Many data centres have passed inspections by certification bodies and offer specific seals, such as HIPAA for healthcare services, ISO 20000-1 for IT services and 27001 for security, SSAE 18, PCI DSS for financial services, among others. Depending on the service your company provides to its customers and the region of the world they are in, one or more of these certifications will be required.

And depending on the distance that separates your employees from the data centre chosen to run your systems and store your data, it will be beneficial for the contracted company to also offer remote support 24×7 every day of the year, by means of technical experts who can physically access your server and perform local operations that cannot be done remotely, via SSH for example. Sometimes, in co-location services, it is necessary to change a network card, a memory module, or even a disk and the cost of sending an employee may not be compensated.

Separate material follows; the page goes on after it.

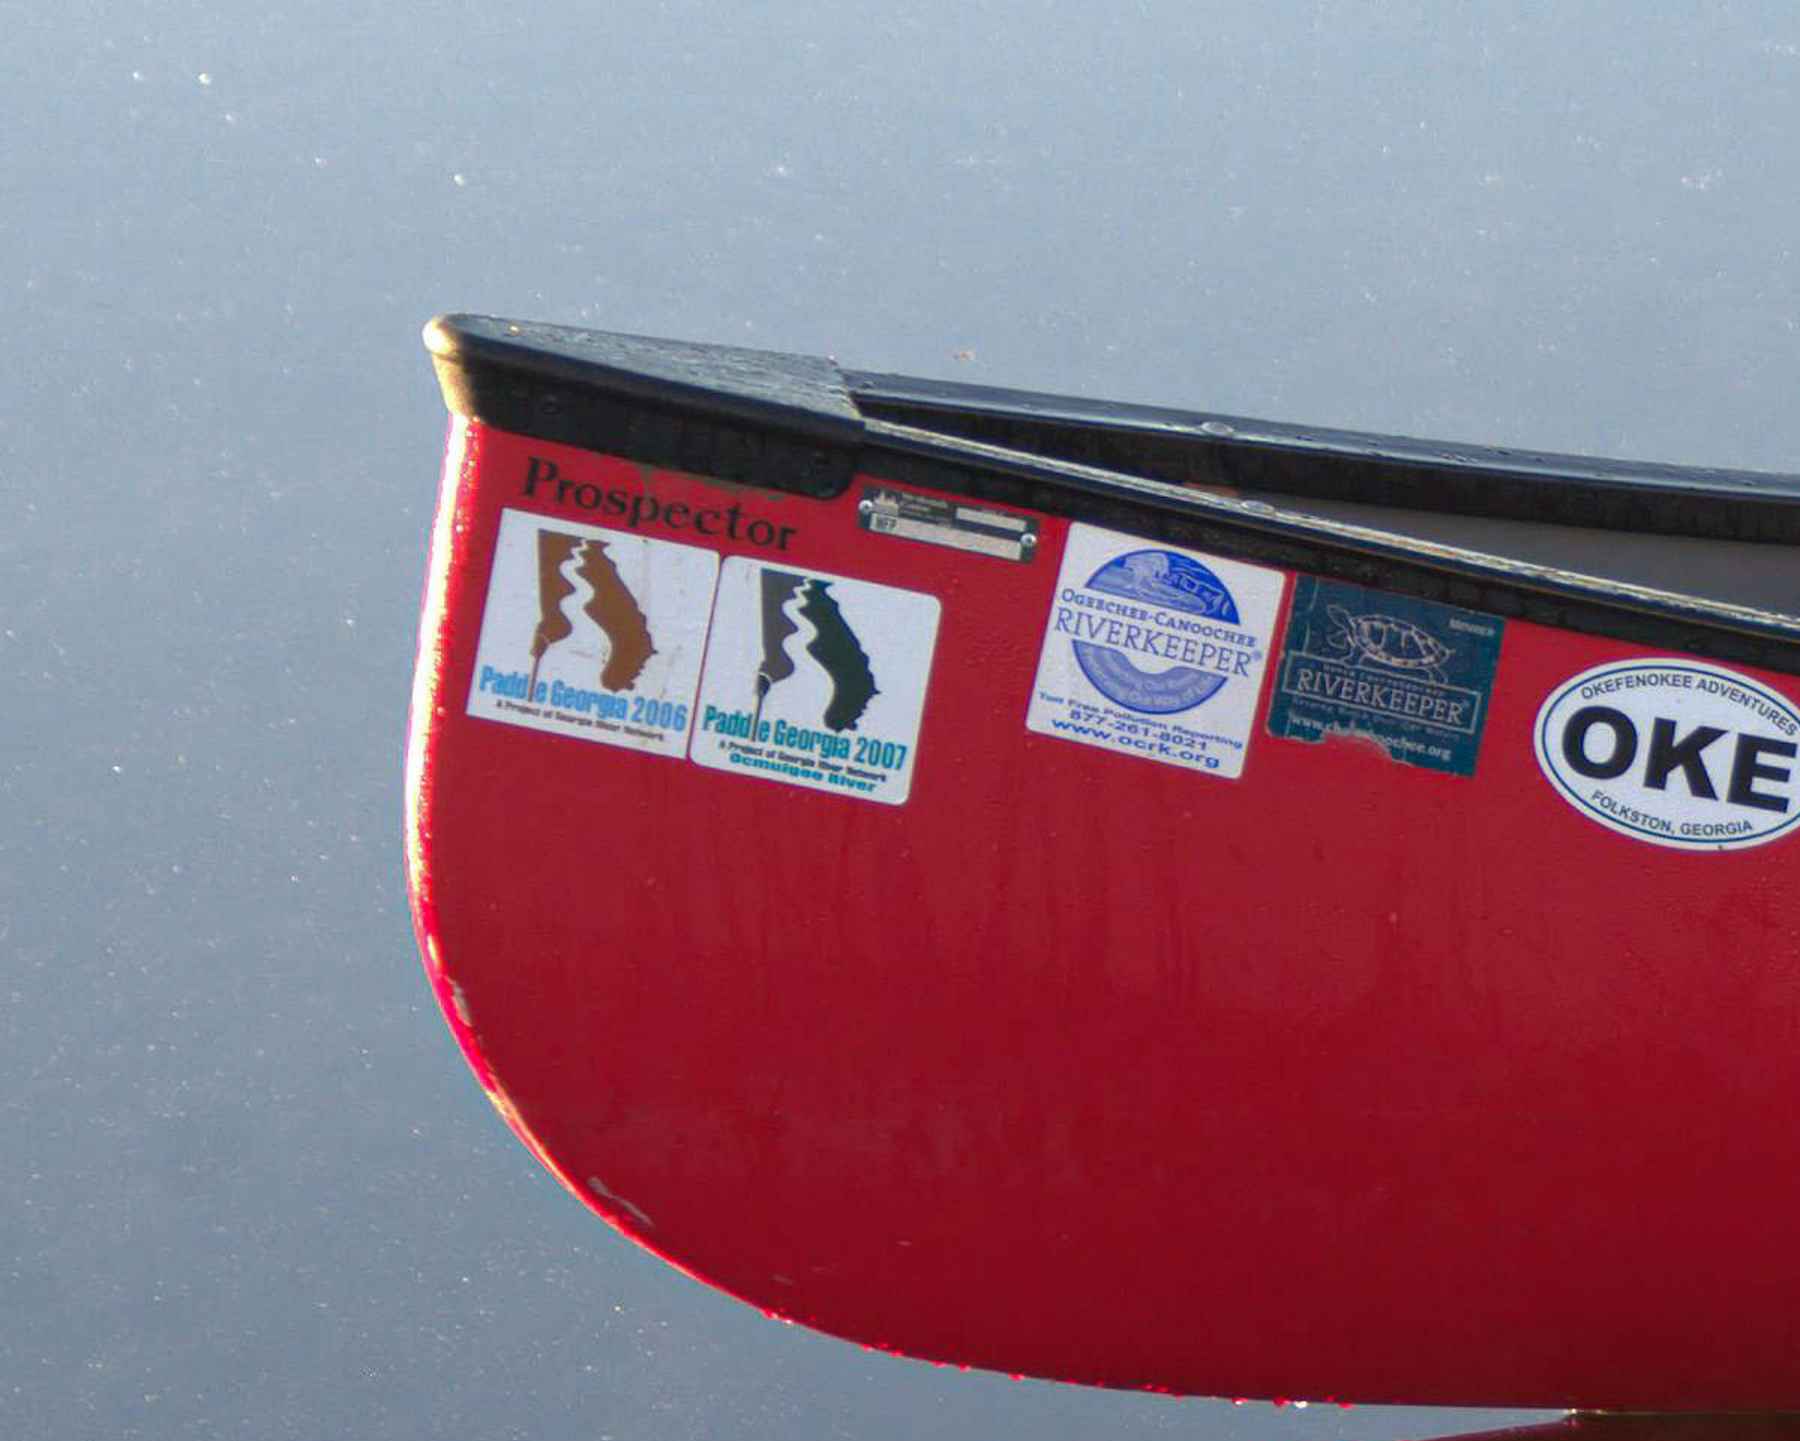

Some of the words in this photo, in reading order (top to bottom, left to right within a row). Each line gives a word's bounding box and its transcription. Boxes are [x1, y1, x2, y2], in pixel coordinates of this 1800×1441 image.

The geographical coverage of the communication network and the last mile provider that will connect your offices, your employees and your data centres is another critical point. In general, data centres offer a variety of connection options, which may or may not be redundant (having more than one network entry in case one of them fails). More important than speed, variety and redundancy, however, is signal latency. In financial applications connected to stock exchanges, for example, a few nanoseconds can make the difference in the value obtained in purchasing and selling shares, which can mean millions in lost opportunities. And in the management of an oil pipeline or power grid, a split time difference can lead to a leak or an explosion.

Therefore, choosing the type of cloud architecture among the options offered by the data center should be carefully considered. High-frequency financial applications, such as buying and selling stocks, may benefit from co-location close to the stock exchange servers, while systems that require high security in banking transactions should take better advantage of a hybrid architecture. In that sense, the greater the flexibility of data centre options, the better.

And, of course, never fail to check uptime statistics, load volume and number of clients, as well as getting to know some customer success stories of your future contractor. In particular, knowing how the data centre handles potential crises helps predict the kind of relationship your company will have if something goes off track. Always seek to understand what the recovery processes are in the event of natural – and human-caused – disasters, and try to simulate how your services will behave once installed and running remotely. Ask what happens in the event of an earthquake, a tsunami, a power failure, a provider network outage, a denial of service attack, a hacker invasion, or even if a rat gnaws on the sprinkler pipes.

Underground or underwater, your next data centre may not even be here on Earth. If NASA and some partners have their way, in a few years time it will be possible to process your data in orbit but, of course, with a latency a little higher than terrestrial networks, greatly reducing the scope of possible operations. However, taking processing into space opens up new fronts for materials and genetic research, in conditions very different from those that can be simulated on the planet’s surface. Until then, local options are still many and far more reliable.